03Wie man Steigungen als Prozentwerte liest
Als Standard dient ein 100 cm langes Lineal. Der Zustand, in dem keines der Enden des Lineals geneigt ist, entspricht 0 %. Sinkt ein Ende dieses 100 cm langen Lineals um 1 cm ab, sind es 1 %; bei 2 cm sind es 2 %; bei 3 cm sind es 3 % – der Prozentsatz entspricht der Anzahl der Zentimeter, um die das Lineal abgesenkt wurde.
Wenn man die Steigung betrachtet und denkt: „Auf dieser Höhe scheint ein Ende etwa 3 cm tiefer zu liegen“, kann man das als eine Steigung von 3 % interpretieren. Es geht nicht darum, das exakte Ergebnis zu erhalten, sondern darum, die sichtbare Steigung in eine quantifizierbare Vorhersage umzurechnen.
04Probieren Sie dies als Übung zum Augenlesen.
Die Fähigkeit, Intuition in Zahlen umzusetzen, entwickelt sich durch Übung. Hier ist die Methode, die ich Ihnen beibringen werde.
- Eine Linie zwischen Ball und Loch ziehenRichten Sie ein Ende eines 100 cm langen Lineals an der Öffnung des Lochs aus und platzieren Sie den Ball an der 90 cm-Markierung des Lineals, um eine Linie zwischen Ball und Loch zu erzeugen.
- Beobachten Sie die Übung, indem Sie Ihre Haltung in der Mitte senken.Legen Sie ein Lineal in regelmäßigen Abständen waagerecht entlang dieser Linie an und gehen Sie in die Hocke, um zu beobachten.
- Stelle dir zwei FragenVersuchen Sie, eine Vorhersage zu treffen, indem Sie sich fragen, welche Seite höher und welche niedriger ist und wie hoch der jeweilige Prozentsatz ist.
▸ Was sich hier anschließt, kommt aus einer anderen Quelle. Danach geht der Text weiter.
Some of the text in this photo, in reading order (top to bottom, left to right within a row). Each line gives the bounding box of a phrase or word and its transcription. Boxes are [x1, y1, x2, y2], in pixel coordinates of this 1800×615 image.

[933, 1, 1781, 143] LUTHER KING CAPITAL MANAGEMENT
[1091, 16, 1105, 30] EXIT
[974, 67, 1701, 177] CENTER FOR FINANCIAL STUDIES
05Formel zur Festlegung eines Ziels
Sobald Sie die Steigung in Prozent abgelesen haben, können Sie mithilfe der unten stehenden Formel die Zielrichtung bestimmen. Der Bezugspunkt ist der höhere Rand des Lochs.
| Neigung | Zielpunkt |
|---|---|
| 0% | Zielen Sie auf die Mitte des Lochs und treffen Sie es senkrecht nach unten. |
| 1% | 2 cm innerhalb der oberen Kante des Lochs |
| 2% | 1 cm vom oberen Rand des Lochs entfernt |
| 3% | Eine Ballgröße weiter außen vom oberen Rand des Lochs |
Beträgt das Gefälle beispielsweise 3 %, wobei die linke Seite höher und die rechte Seite niedriger ist, rollt der Ball von links nach rechts. In diesem Fall sollten Sie etwa eine Ballbreite außerhalb des linken Lochrandes zielen.
06Warum genügt es, nur bis zu 3 % zu kennen?
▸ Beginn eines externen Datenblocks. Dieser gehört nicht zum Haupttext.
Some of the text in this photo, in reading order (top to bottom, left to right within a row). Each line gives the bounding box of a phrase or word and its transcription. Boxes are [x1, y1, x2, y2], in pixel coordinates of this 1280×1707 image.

Bei kurzen Putts findet man selten ein Gefälle von über 3 %. Im Durchschnitt liegt es bei etwa 2 %, und die Fahne wird ohnehin selten auf einem Gefälle von über 3 % platziert. Das liegt daran, dass es so schwierig ist, dass das Spiel nicht fortgesetzt werden kann.
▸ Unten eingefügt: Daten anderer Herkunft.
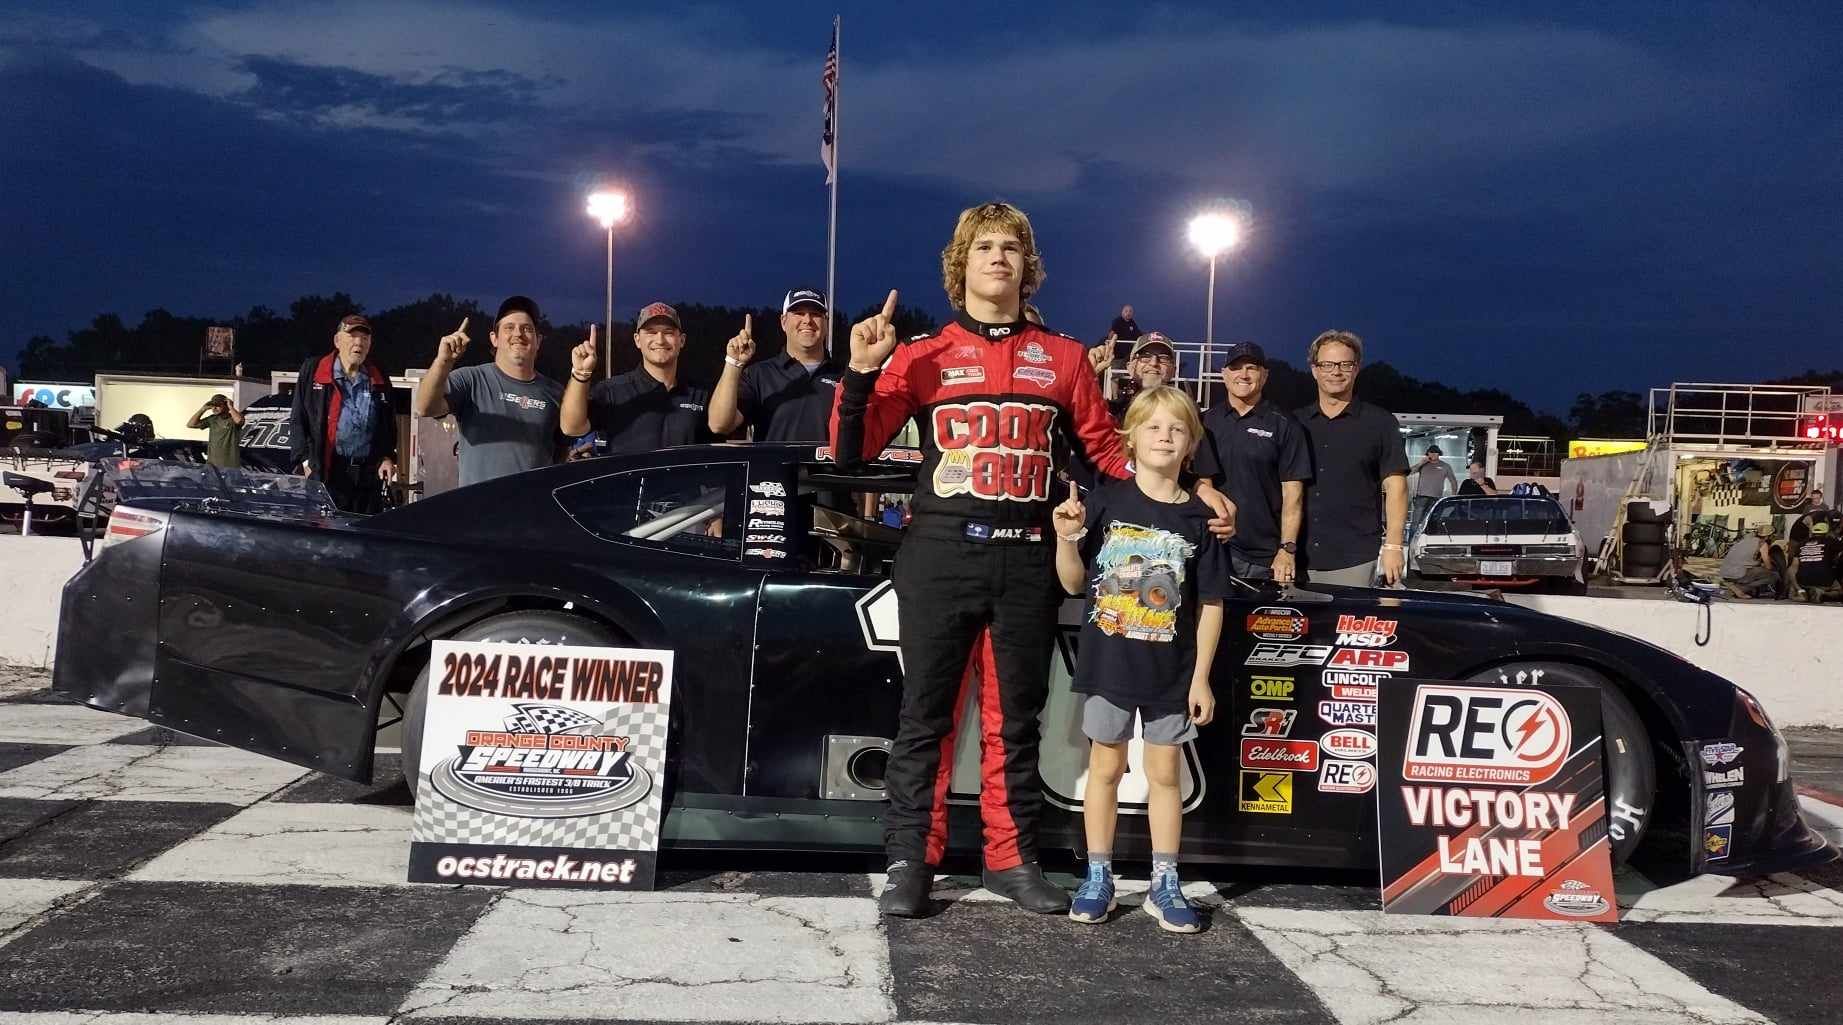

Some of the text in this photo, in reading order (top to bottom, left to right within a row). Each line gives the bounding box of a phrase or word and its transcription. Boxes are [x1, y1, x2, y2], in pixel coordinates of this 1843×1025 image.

[935, 404, 1054, 452] COOK
[972, 452, 1050, 499] OUT
[991, 528, 1024, 539] MAX
[1256, 616, 1292, 625] Advance
[1336, 615, 1398, 636] Holley
[1335, 633, 1388, 647] MSD
[1251, 643, 1331, 659] PFC
[1329, 650, 1408, 668] ARP
[438, 652, 664, 704] 2024 RACE WINNER
[1326, 672, 1383, 686] LINCOL
[1250, 680, 1295, 697] OMP
[1341, 687, 1377, 697] WELDE
[1320, 702, 1377, 716] QUARTE
[1332, 712, 1377, 724] MAST
[467, 731, 629, 752] ORANGE COUNTY
[1330, 735, 1371, 749] BELL
[461, 746, 625, 776] SPEEDWAY
[1248, 746, 1310, 764] Edelbrock
[1410, 765, 1530, 781] RACING ELECTRONICS
[474, 775, 522, 785] AMERICA'S
[522, 776, 564, 787] FASTEST
[581, 778, 612, 788] TRACK
[1241, 803, 1289, 812] KENNAMETAL
[1401, 785, 1577, 830] VICTORY
[1438, 835, 1546, 877] LANE
[436, 853, 637, 884] ocstrack.net
[1551, 893, 1600, 904] SPEEDWAY
Für kurze Putts bis zu 1,5 Metern reicht es also, die Neigung mit 0 % bis 3 % einzuschätzen. Für alle anderen Putts müssen Sie Ihr Ziel lediglich anhand der oben genannten Formel anpassen.
07Heute organisieren
Das Lesen des Grüns ist kein Test, um die richtige Antwort zu finden, sondern eine Fähigkeit zur Vorhersage. Wenn Sie ein Auge dafür entwickeln, Neigungen als Prozentwerte basierend auf einem 100-cm-Standard zu lesen, werden kurze Putts viel einfacher, da Sie nur noch das Ziel eingeben müssen, das diesem Prozentsatz entspricht.
Wenn Sie in der nächsten Runde Probleme mit einem kurzen Putt haben, versuchen Sie, sich zuerst an die Formel zu erinnern, die Sie heute zusammengefasst haben.